C&C to update on trade after Innis & Gunn deal – Daily Business

2026-05-19 02:29

Roger White and Tennent'sRoger White and Tennent's
Roger White, C&C CEO, said trade has softened after the November budget

C&C Group, the Irish company behind Tennent’s, is expected to update on trading conditions and its recent acquisition of another Scottish brewer, Innis & Gunn, when it reveals full-year figures on Tuesday.

The Dublin company announced in March that it had bought the Innis & Gunn brand and associated intellectual property in a pre-pack administration for £4.5 million.

C&C already brews Innis & Gunn products at Tennent’s Wellpark Brewery in Glasgow and expects the acquisition to make a small positive contribution to its overall financial performance in full-year 2027.

It was revealed last month that loss-making Innis & Gunn owed creditors almost £20m when it collapsed.

In January C&C cut its profit forecast amid “weak” consumer confidence in the UK after reporting that it had been hit by “weak consumer confidence associated with the November UK Budget”. There had, the company said, been “softer than anticipated demand” in the hospitality sector.

Last week it announced it has merged its Matthew Clark and Bibendum businesses to “simplify” its on-trade distribution operations.

A “small number” of staff have left as part of the move, which the group said would be completed this summer.

Matthew Clark distributes products including beer, wine and spirits to UK on-premise clients.
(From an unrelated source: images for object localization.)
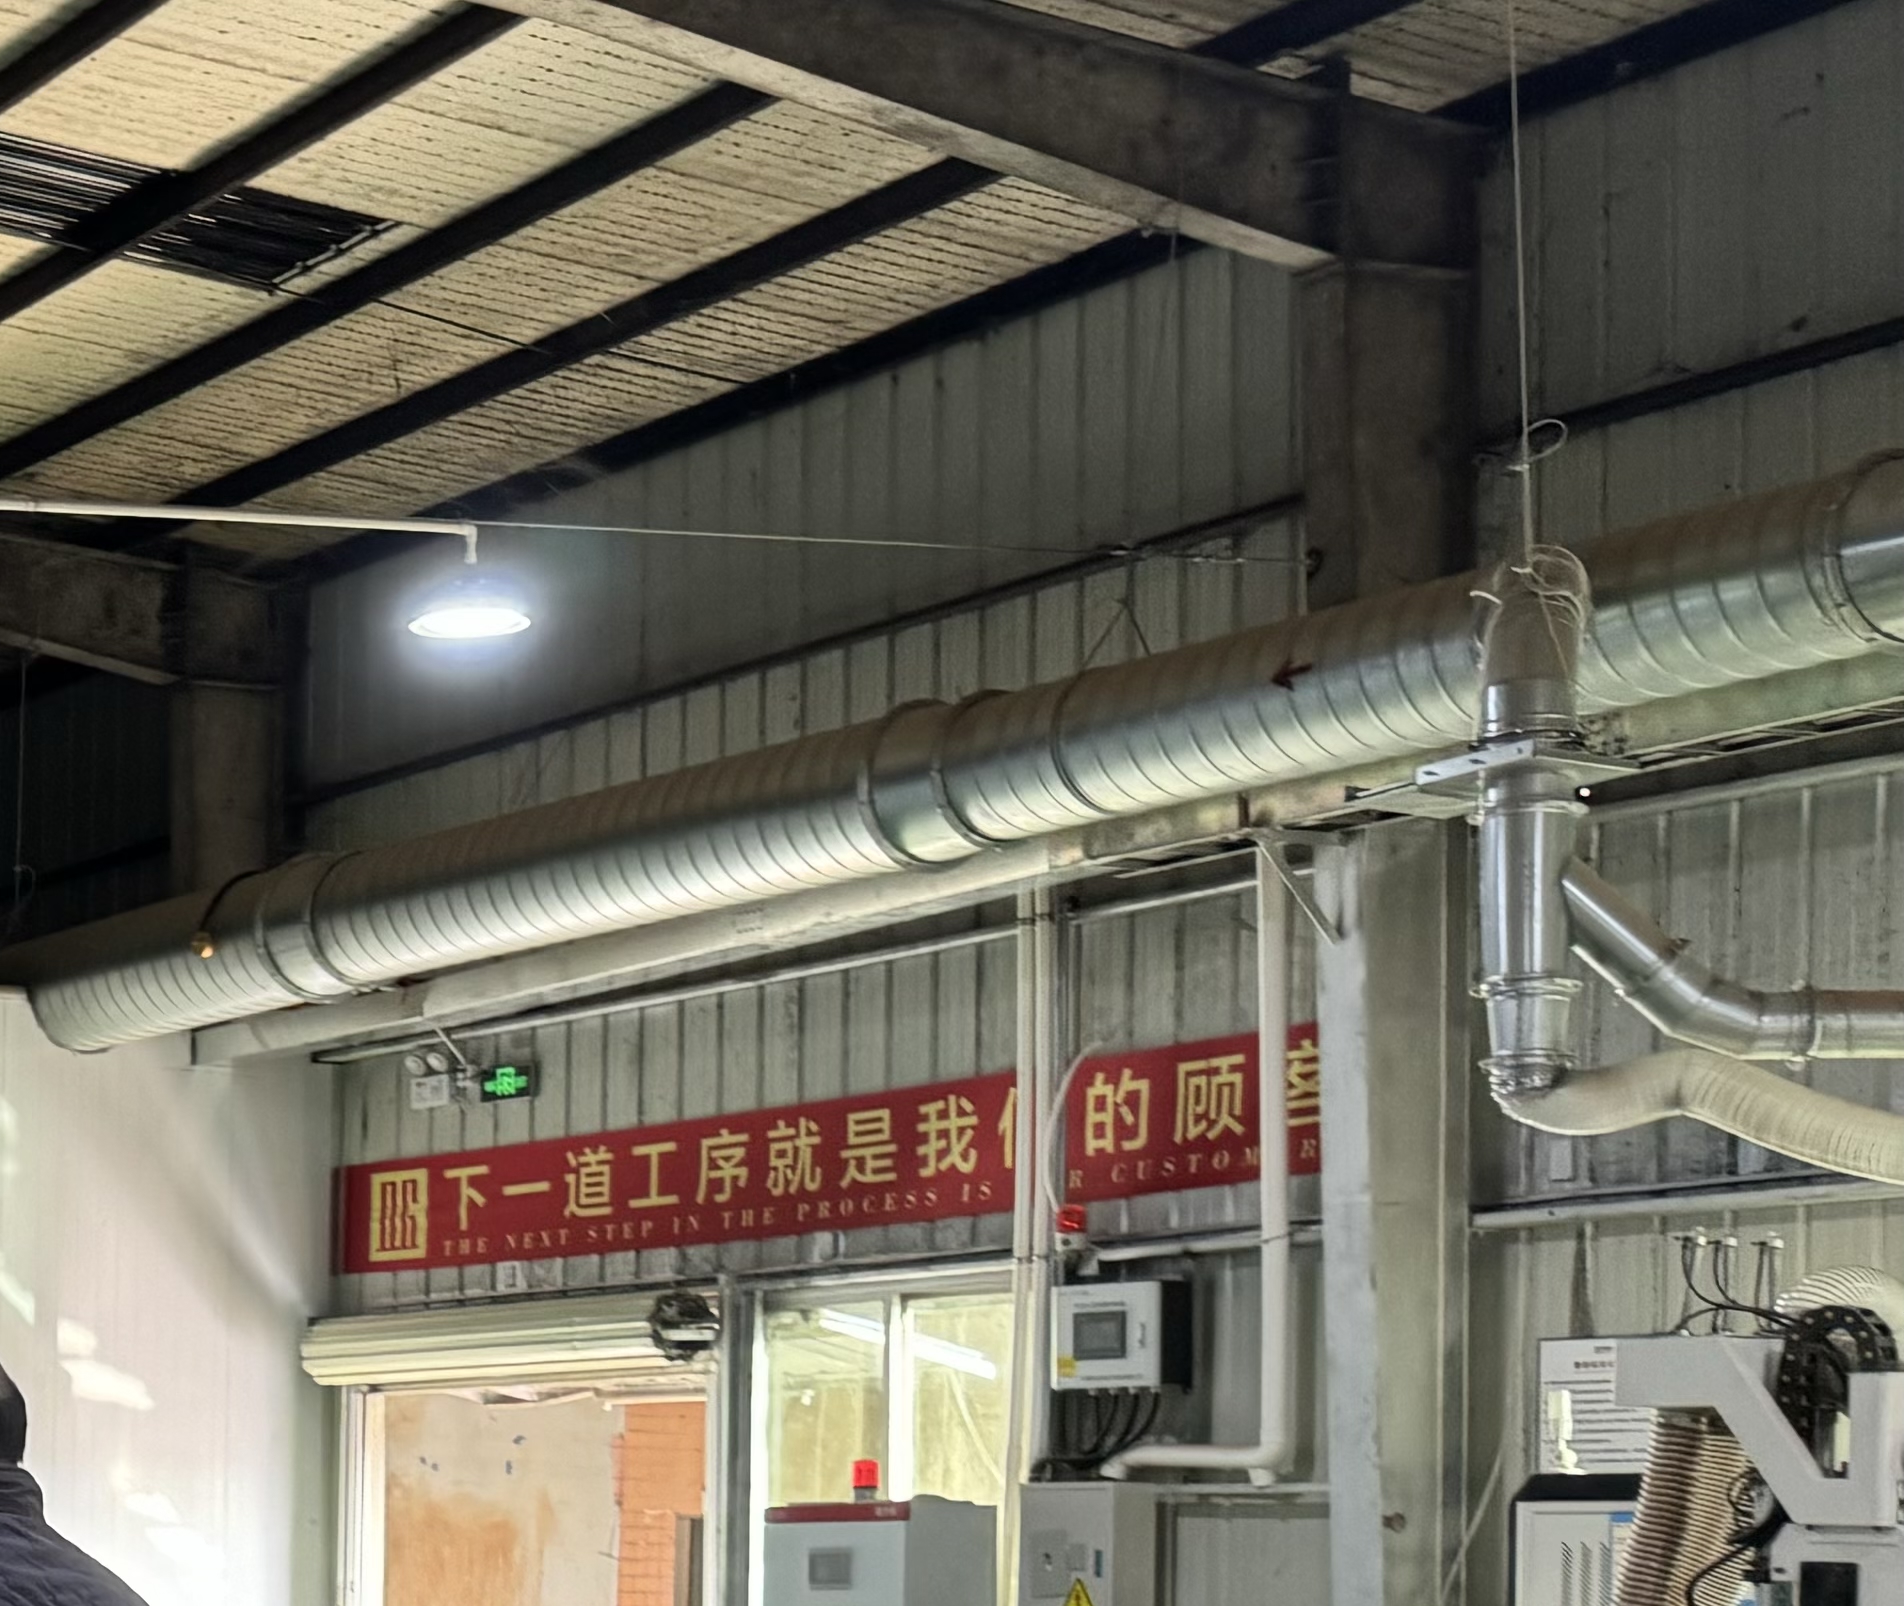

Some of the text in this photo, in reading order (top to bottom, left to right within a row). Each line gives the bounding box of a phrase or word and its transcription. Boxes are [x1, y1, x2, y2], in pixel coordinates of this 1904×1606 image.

[442, 1237, 489, 1256] THE
[505, 1229, 570, 1249] NEXT
[587, 1220, 654, 1243] STEP
[671, 1214, 701, 1234] IN
[721, 1207, 776, 1230] THE
[796, 1187, 939, 1222] PROCESS
[961, 1180, 992, 1203] IS
[1110, 1138, 1318, 1184] CUSTOMR
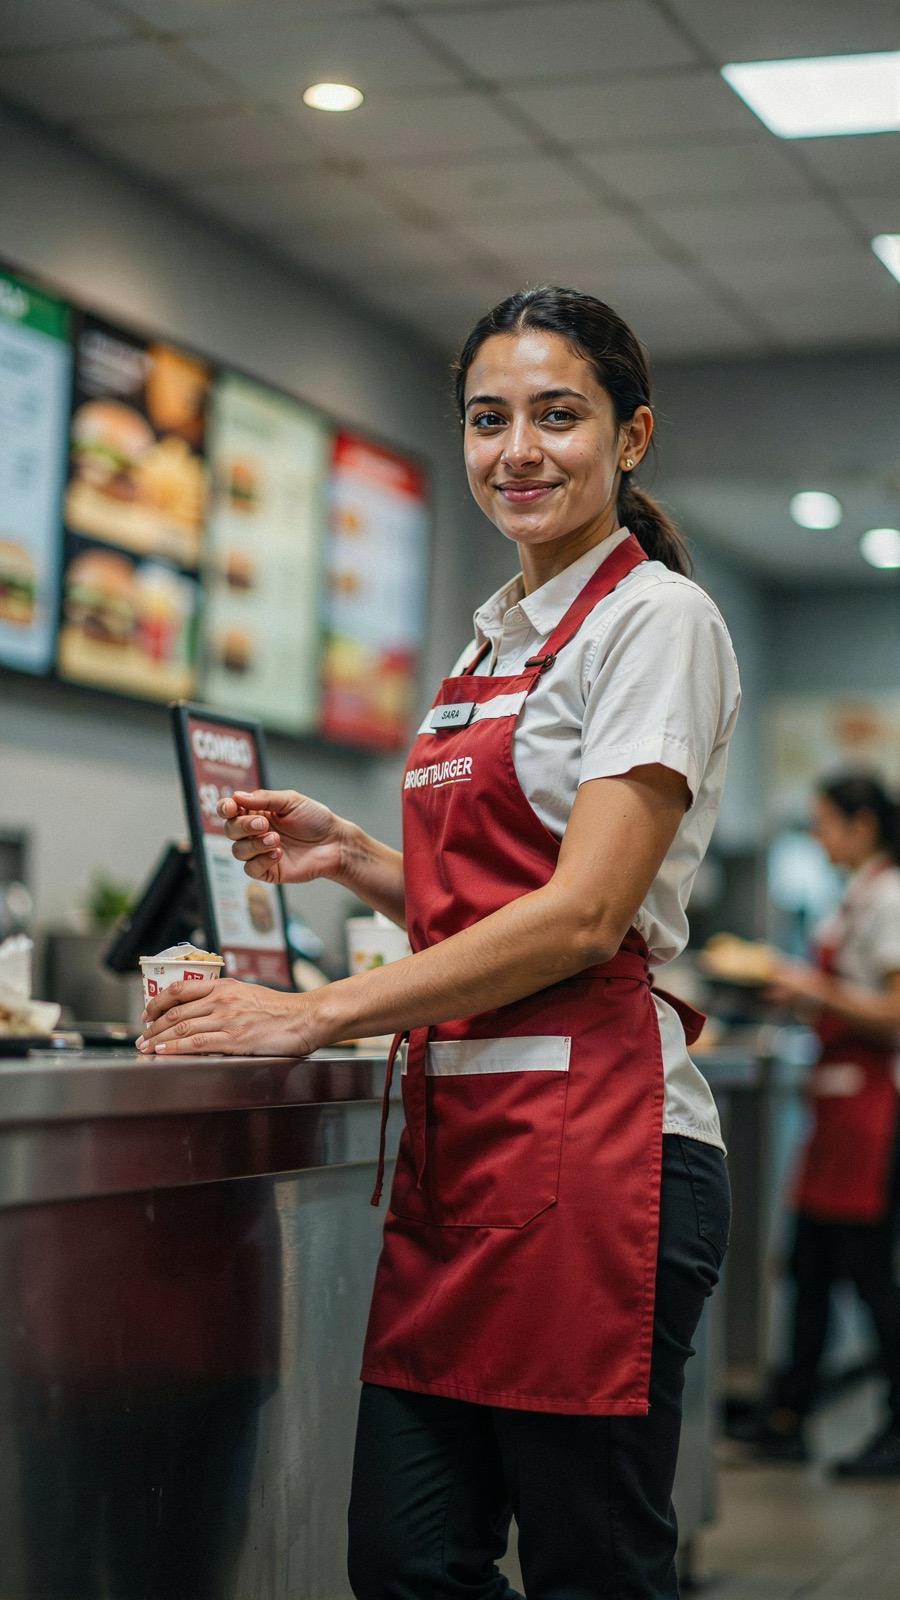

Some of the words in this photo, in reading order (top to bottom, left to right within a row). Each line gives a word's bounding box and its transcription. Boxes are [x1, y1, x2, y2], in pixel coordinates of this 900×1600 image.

Bibendum focuses on wine.

Nationwide Building Society

On Thursday Britain’s biggest building society will deliver its first full financial year as the owner of Virgin Money which is acquired for £2.9 billion after controversially refusing its members a vote.
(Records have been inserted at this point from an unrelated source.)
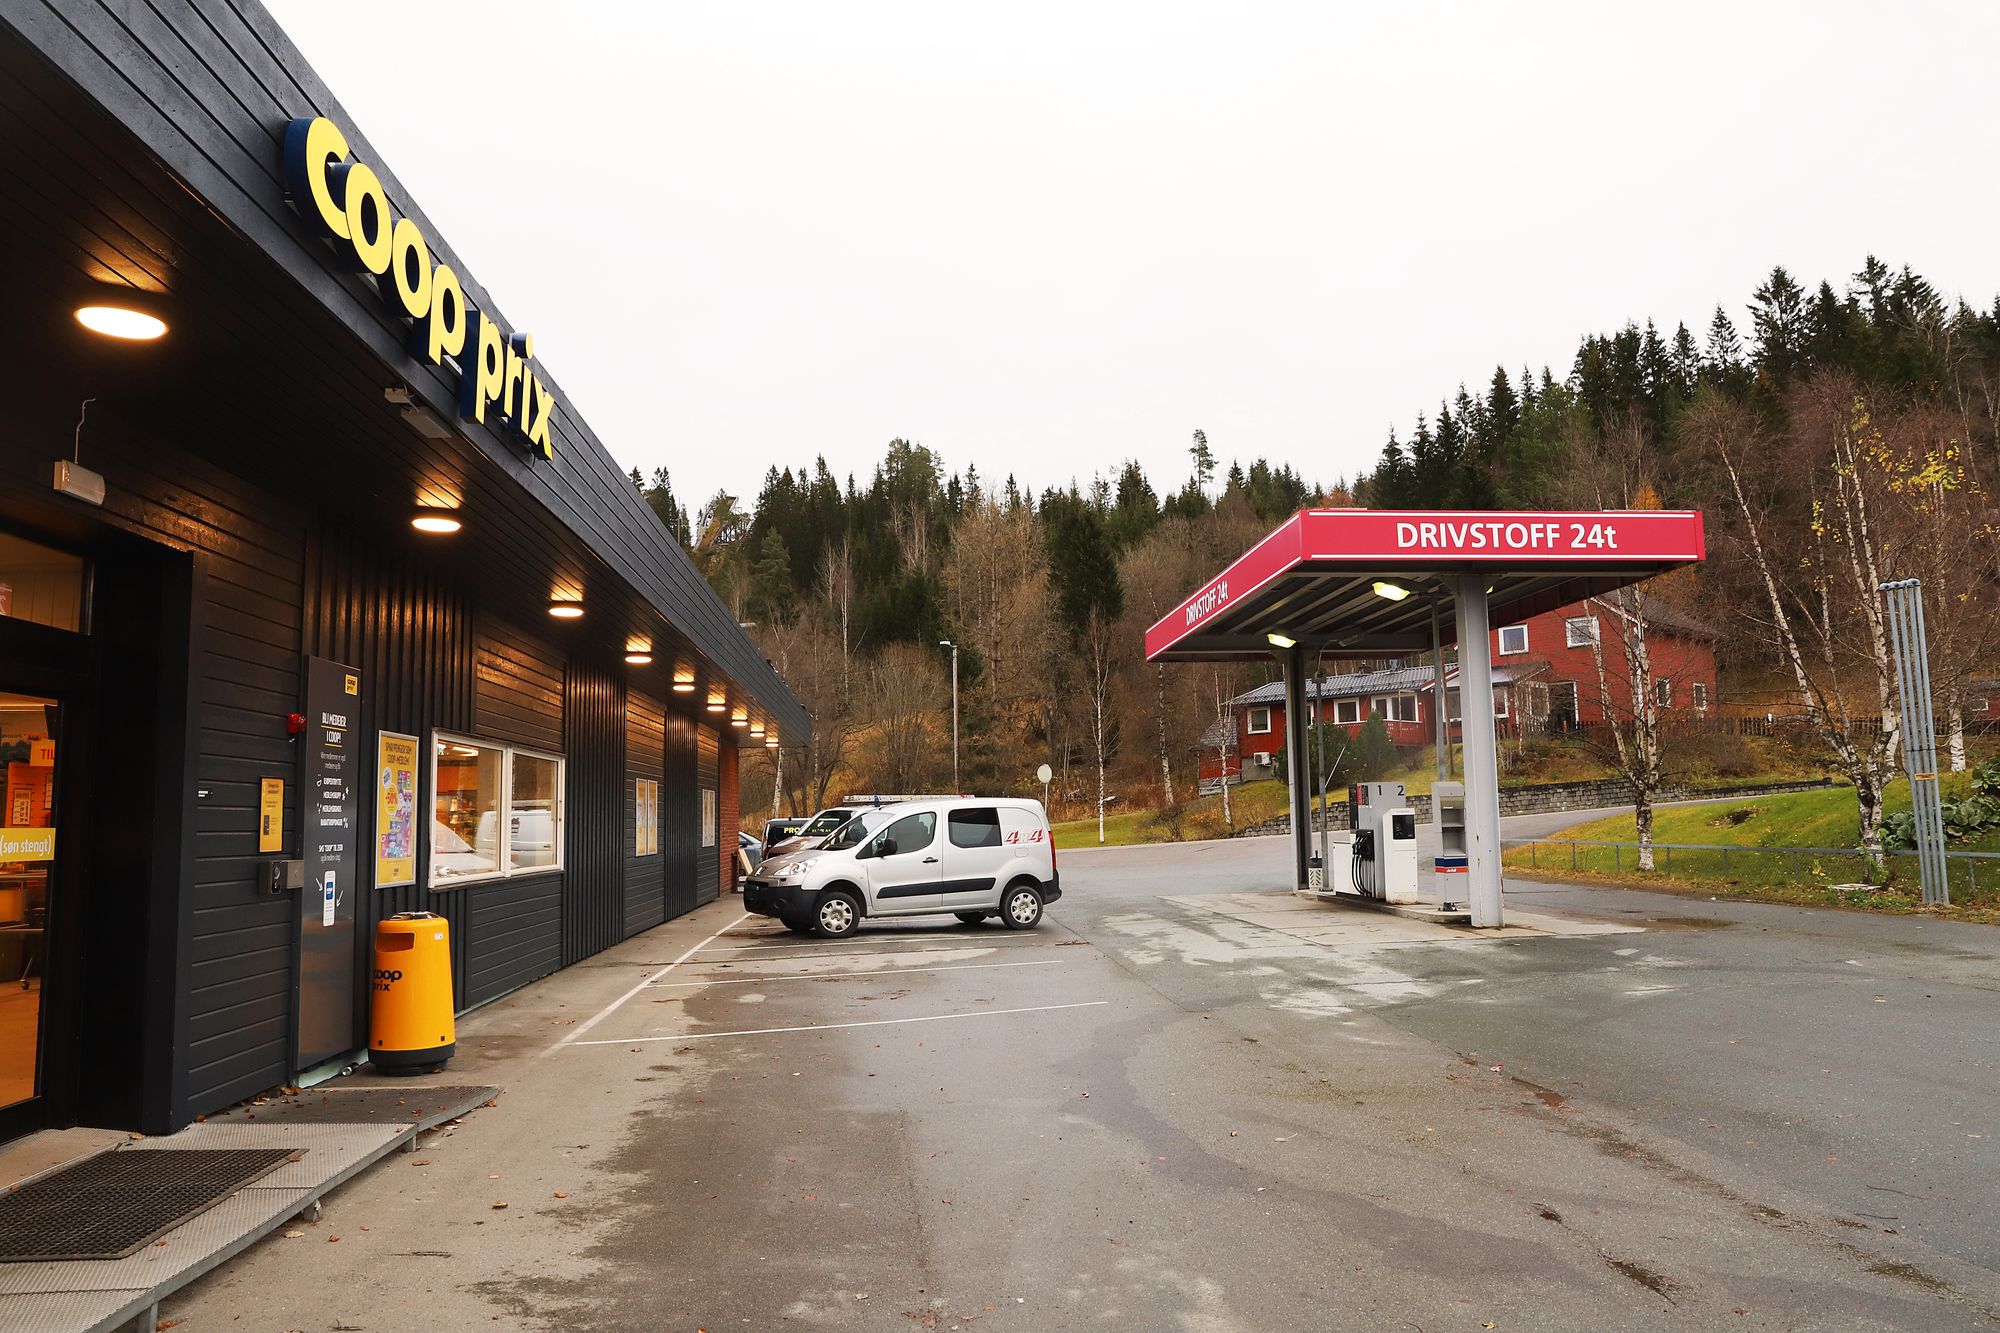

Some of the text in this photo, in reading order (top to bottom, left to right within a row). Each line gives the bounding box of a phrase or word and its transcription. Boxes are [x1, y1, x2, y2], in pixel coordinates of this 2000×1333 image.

[304, 116, 555, 462] coop prix
[1396, 522, 1618, 549] DRIVSTOFF 24t
[1185, 580, 1229, 627] DRIVSTOFF 24t
[1377, 785, 1382, 796] 1
[1397, 785, 1405, 796] 2
[20, 834, 52, 857] stengt)
This helped trigger support for James Sherwin-Smith who will seek election to the mutual’s board at the group’s annual meeting in July. 

The expanded Nationwide has leapfrogged NatWest to become the UK’s second-biggest mortgage lender and pushed the mutual into business banking.

Aside from the takeover, there has been a backlash to the substantial hike in CEO Debbie Crosbie’s pay package. She was paid £2.5 million in 2024-25 financial year and could receive as much as £6.9m for 2025-26.

M&S

Investors will be hoping M&S can draw a line under last year’s cyber-attack and provide a confident outlook, reaffirming the retailer’s turnaround, say AJ Bell’s analysts.

A material slowdown in the UK clothing market in the March quarter has not been helpful which is reflected in the shares recently plumbing new 12-month lows.

The recent acquisition of the former ASOS Lichfield warehouse is seen as a sign of management’s ambition to accelerate digital growth and scale.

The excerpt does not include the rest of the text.